Source records:
<<<<
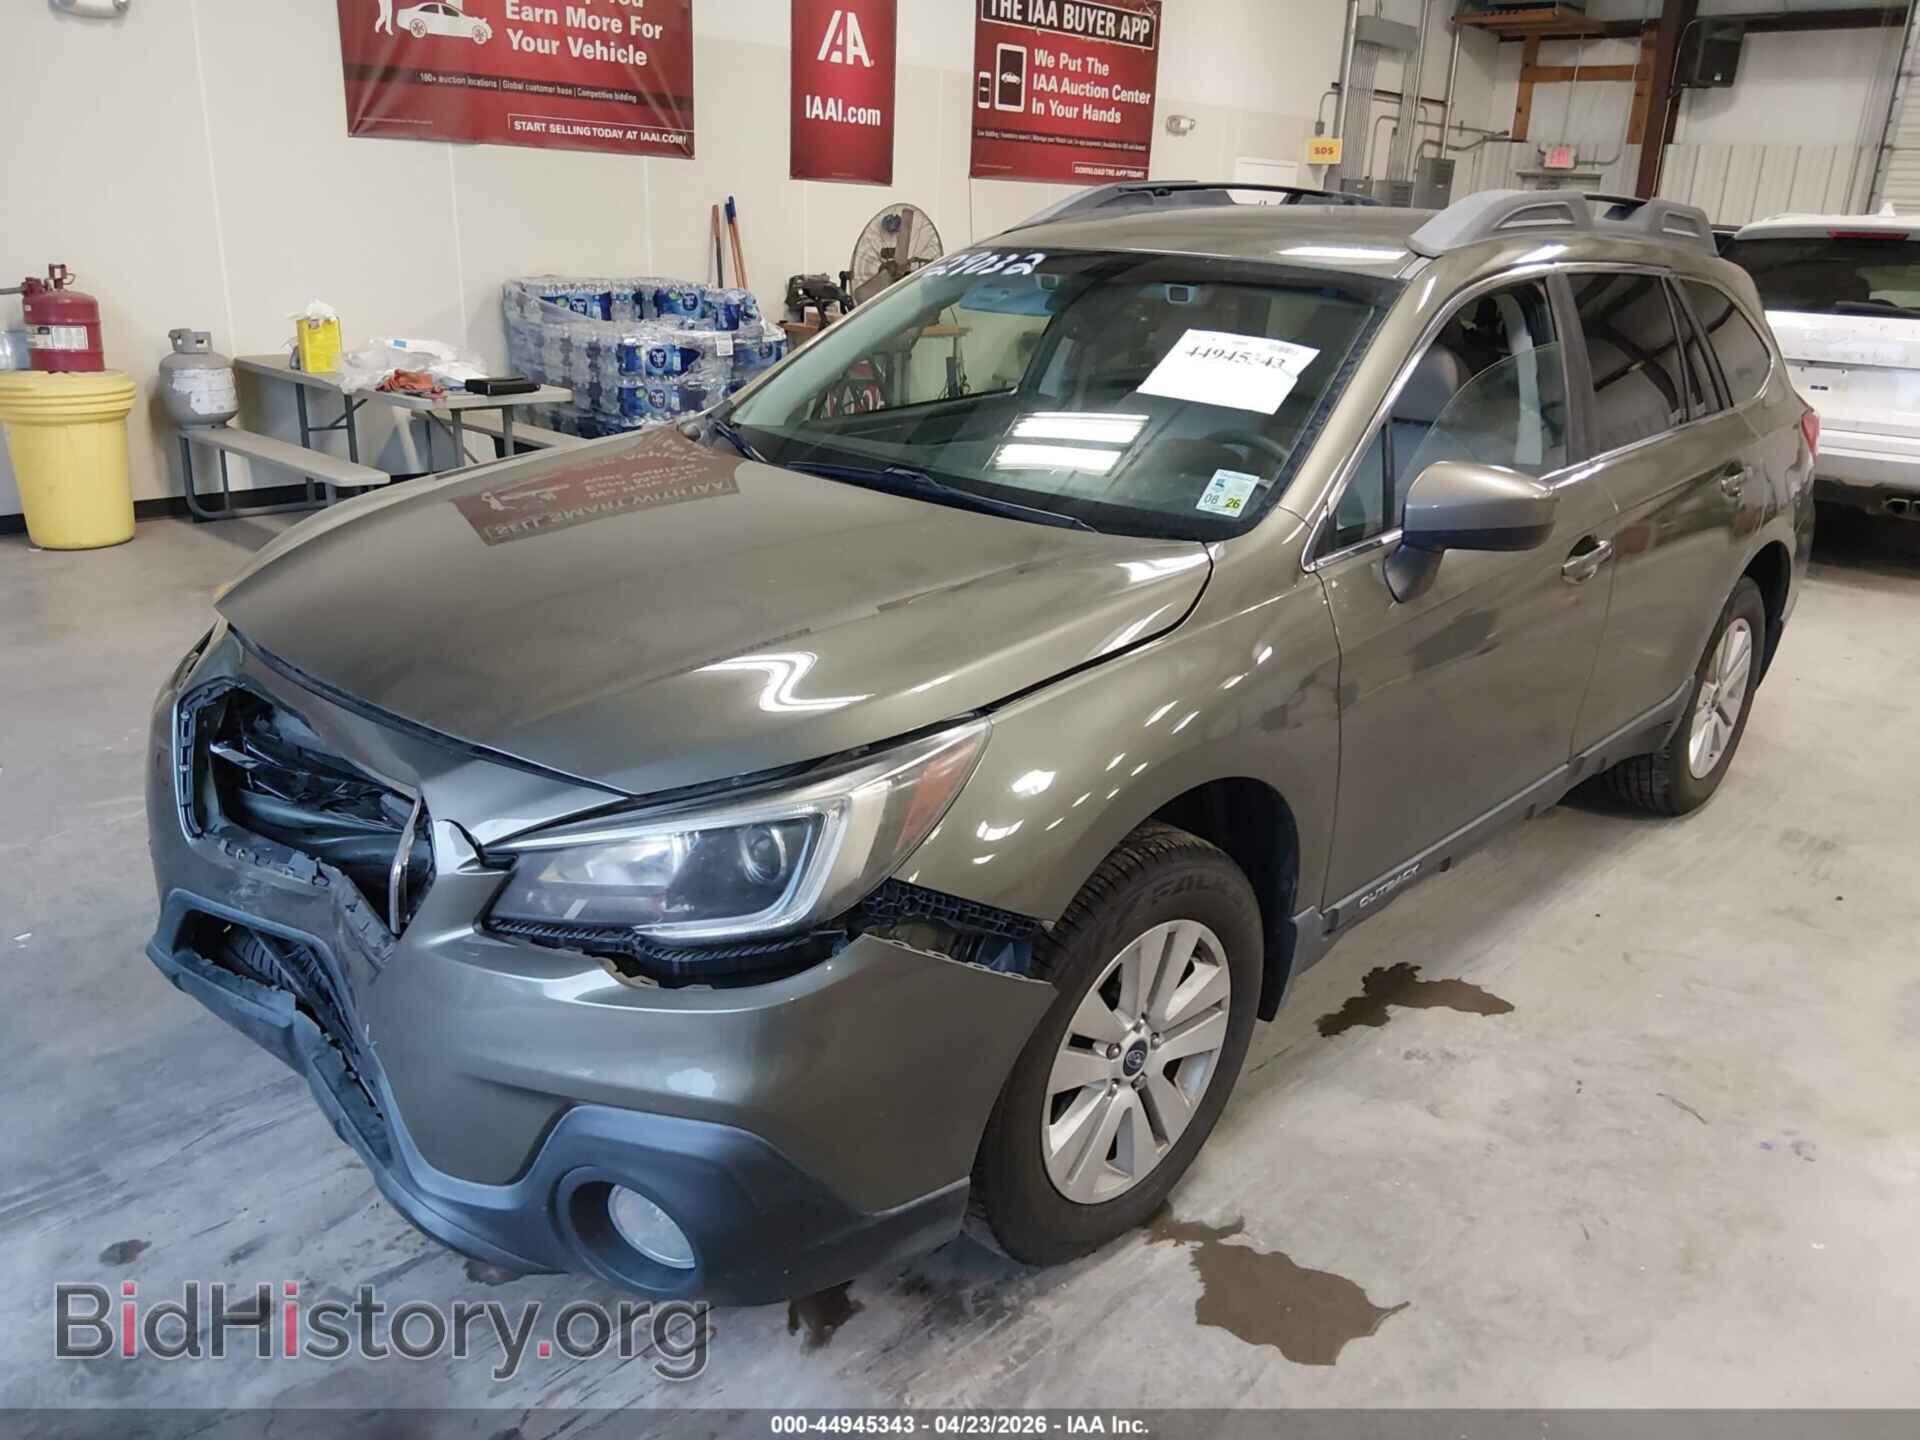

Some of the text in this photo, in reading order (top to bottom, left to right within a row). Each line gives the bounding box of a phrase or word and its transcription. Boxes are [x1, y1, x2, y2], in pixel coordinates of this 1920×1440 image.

[505, 0, 664, 39] Earn More For
[990, 0, 1150, 43] THE IAA BUYER APP
[506, 28, 648, 66] Your Vehicle
[1034, 48, 1110, 76] We Put The
[1033, 73, 1151, 105] IAA Auction Center
[805, 94, 881, 126] IAAI.com
[1032, 97, 1122, 124] In Your Hands
[513, 120, 546, 132] START
[549, 123, 591, 137] SELLING
[592, 127, 623, 140] TODAY
[626, 129, 638, 140] AT
[1225, 497, 1241, 509] 26
>>>>
Directions for this task: A faithful copy of the data above is wanted, with every image left out.

Answer below:
Some of the text in this photo, in reading order (top to bottom, left to right within a row). Each line gives the bounding box of a phrase or word and its transcription. Boxes are [x1, y1, x2, y2], in pixel coordinates of this 1920×1440 image.

[505, 0, 664, 39] Earn More For
[990, 0, 1150, 43] THE IAA BUYER APP
[506, 28, 648, 66] Your Vehicle
[1034, 48, 1110, 76] We Put The
[1033, 73, 1151, 105] IAA Auction Center
[805, 94, 881, 126] IAAI.com
[1032, 97, 1122, 124] In Your Hands
[513, 120, 546, 132] START
[549, 123, 591, 137] SELLING
[592, 127, 623, 140] TODAY
[626, 129, 638, 140] AT
[1225, 497, 1241, 509] 26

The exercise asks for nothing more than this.